-- Assignment --
Below are some records; repeat them all exactly, minus the pictures.

** Opening Source records block **

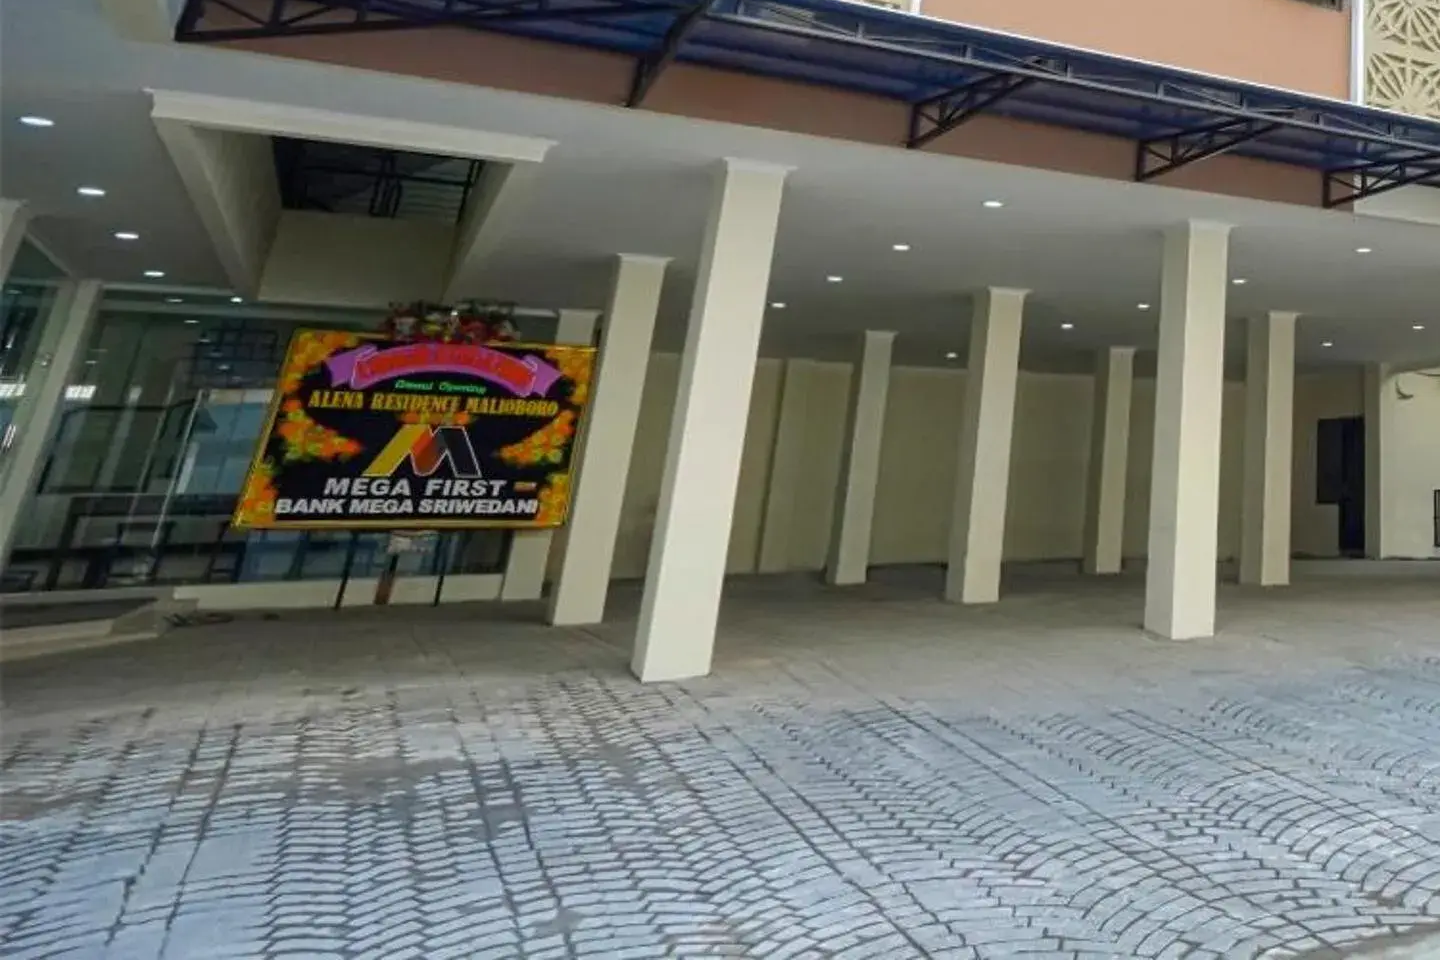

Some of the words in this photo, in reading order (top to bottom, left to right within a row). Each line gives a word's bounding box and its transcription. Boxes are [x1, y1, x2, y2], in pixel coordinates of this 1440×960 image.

[308, 390, 363, 409] ALENA
[371, 392, 460, 413] RESIDENCE
[465, 396, 559, 416] MALIOBORO
[324, 477, 411, 496] MEGA
[424, 478, 506, 497] FIRST
[275, 498, 345, 514] BANK
[348, 498, 414, 514] MEGA
[417, 498, 538, 514] SRIWEDANI
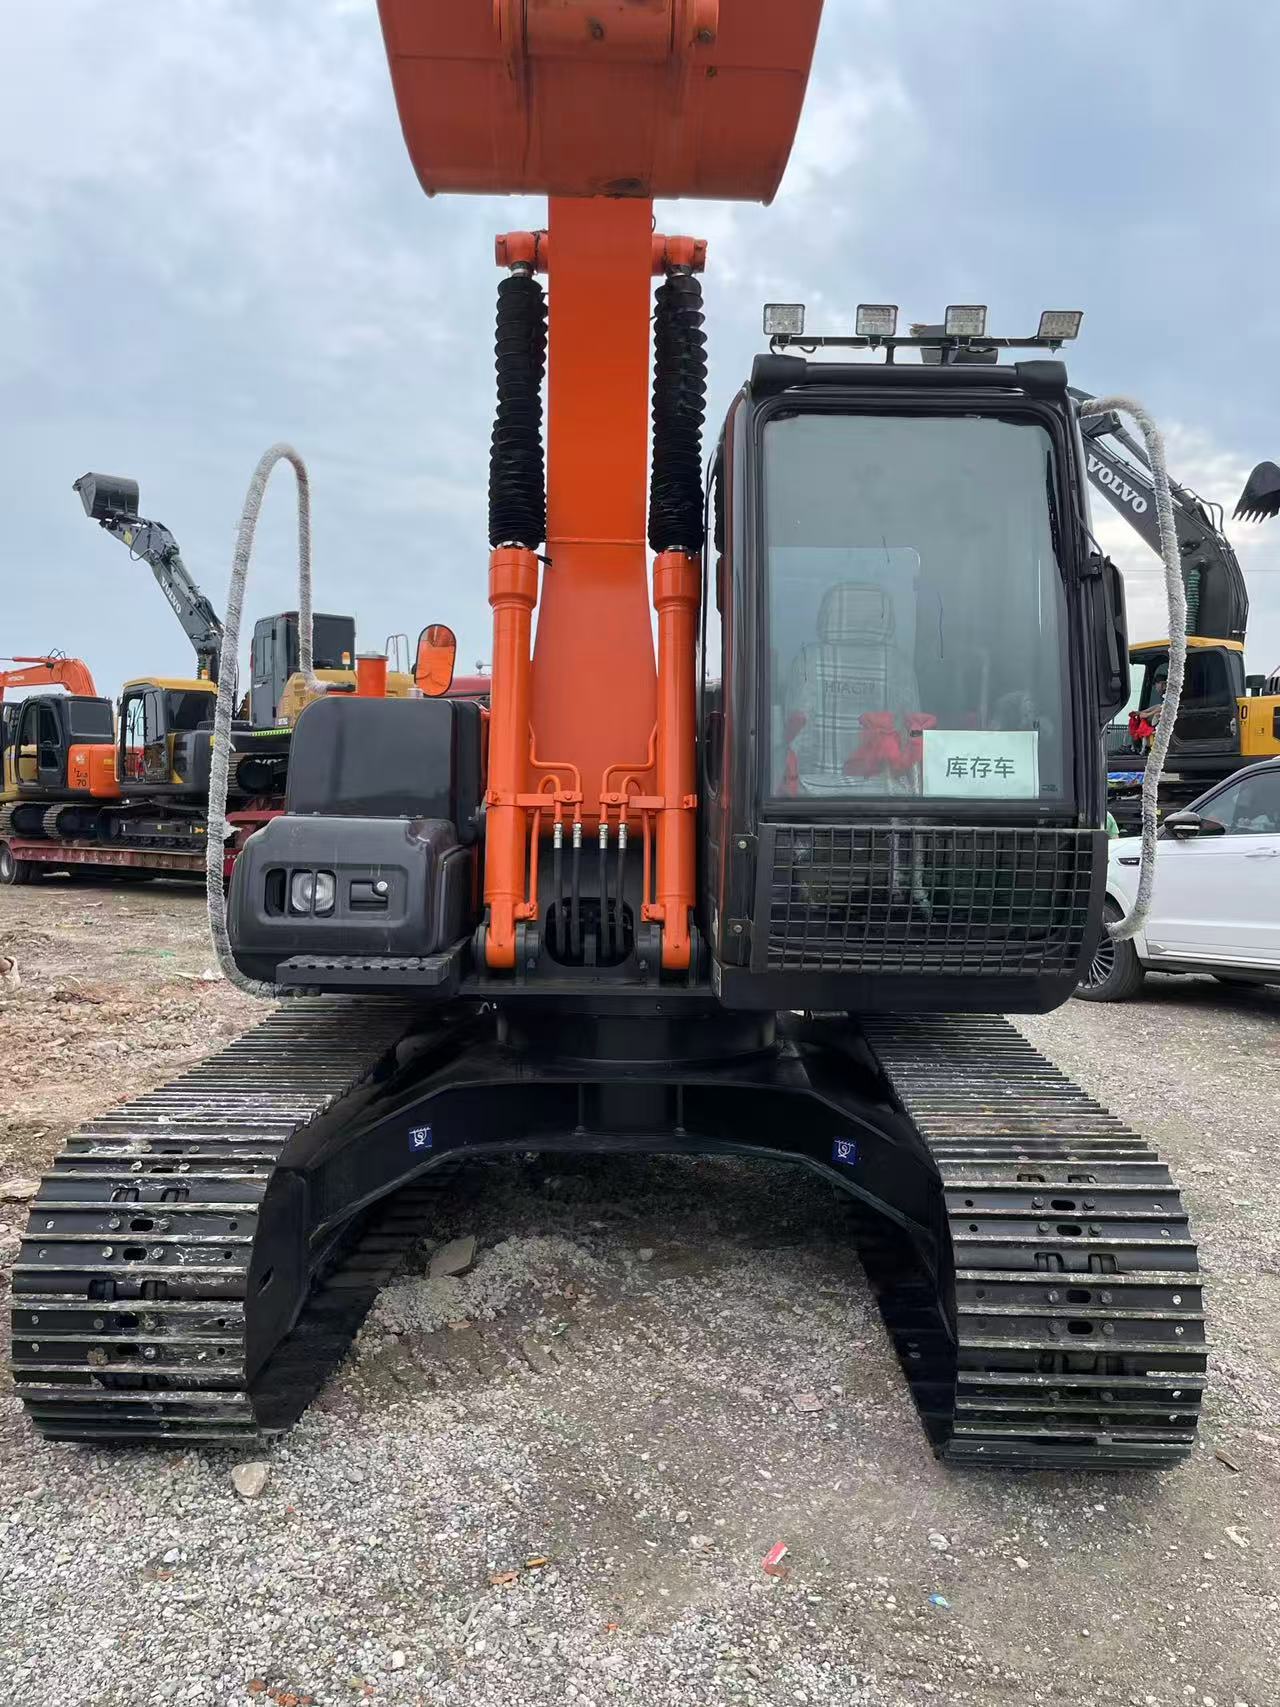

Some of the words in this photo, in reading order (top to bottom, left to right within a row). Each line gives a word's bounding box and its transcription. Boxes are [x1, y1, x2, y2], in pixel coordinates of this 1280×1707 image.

[1087, 453, 1148, 514] VOLVO
[945, 756, 1016, 779] 库存车
[77, 779, 87, 787] 70

** Closing Source records block **

-- Written answer --
Some of the words in this photo, in reading order (top to bottom, left to right within a row). Each line gives a word's bounding box and its transcription. Boxes are [x1, y1, x2, y2], in pixel coordinates of this 1440×960 image.

[308, 390, 363, 409] ALENA
[371, 392, 460, 413] RESIDENCE
[465, 396, 559, 416] MALIOBORO
[324, 477, 411, 496] MEGA
[424, 478, 506, 497] FIRST
[275, 498, 345, 514] BANK
[348, 498, 414, 514] MEGA
[417, 498, 538, 514] SRIWEDANI

Some of the words in this photo, in reading order (top to bottom, left to right within a row). Each line gives a word's bounding box and its transcription. Boxes are [x1, y1, x2, y2], in pixel coordinates of this 1280×1707 image.

[1087, 453, 1148, 514] VOLVO
[945, 756, 1016, 779] 库存车
[77, 779, 87, 787] 70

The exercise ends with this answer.